What is important to note is the inconsistent trade policies by China under two different trade agreements, namely the US and Brazil agreements. The US upon a BSE detection and under the 2020 Phase One Agreement, given it is an atypical BSE case, the agreement states that China cannot stop US beef shipments and must keep receiving US product (as long as its atypical).

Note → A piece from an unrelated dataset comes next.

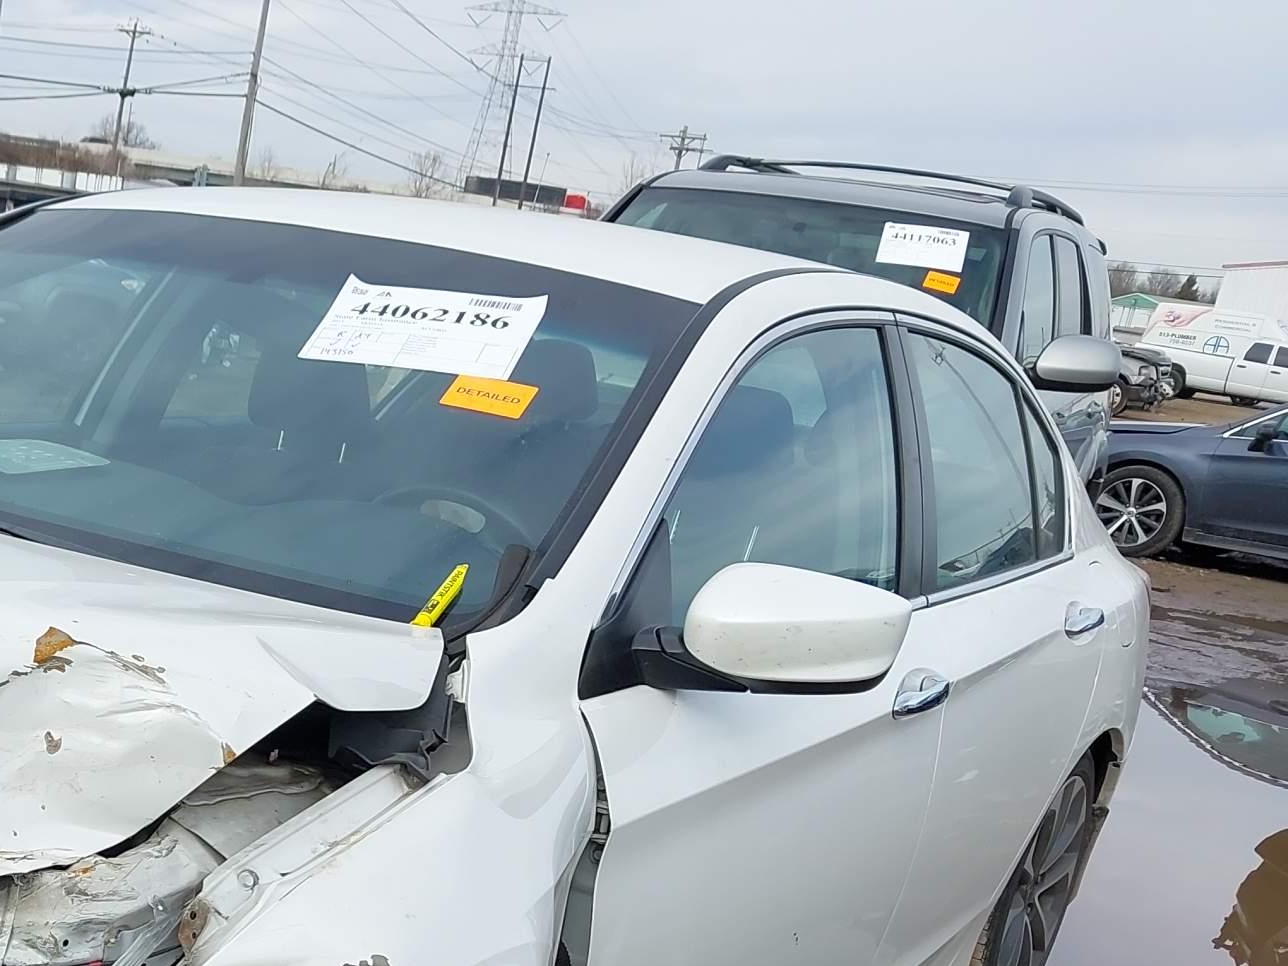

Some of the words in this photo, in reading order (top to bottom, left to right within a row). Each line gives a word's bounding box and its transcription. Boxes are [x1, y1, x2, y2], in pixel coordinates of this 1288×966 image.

In contrast, Brazil is required under their 2015 agreement to stop shipping immediately, notify China of the BSE case and then wait until China is satisfied that all efforts have been made to remove the risk from China trade. It is not until China gives the green light that Brazil can start shipping again and remove the self imposed embargo. In March this year, a delegation from Brazil of 250 business leaders went to China seeking a change to this policy whereby they were wanting to introduce regionalisation, meaning that should a case occur that the Brazilian state in-which the case occurred would be banned but not the entire country. There has been no change to the China policy on this matter.

The question has been asked on what the situation would be for Australia? On assessment of Australia’s/China trade agreement (CHaFTA ) it seems that China has the right to stop shipments immediately if BSE should ever occur in Australia. Australia is required to notify China as soon as possible upon detection and that both parties would look to resolve the problem quickly for trade to resume.

There is ambiguous wording in CHaFTA that states – ” The Parties shall explore opportunities for further cooperation and collaboration on sanitary and phytosanitary matters at the bilateral, regional and multilateral levels consistent with the provisions of this Chapter, including through: (a) cooperating on work in relevant international bodies and regional organisations engaged in food safety and human, animal or plant life or health issues;”
Australia’s Department of Foreign Affairs and Trade (DFAT) is seeking clarification on this wording to see if regionalisation is part of the CHaFTA and if so, this is an important point of difference between Australia, US and Brazil with China, for not just handling BSE but all diseases with China. As to date no country has been successful in establishing regionalisation with China on beef. An update on this clarification will be made available to subscribers when received.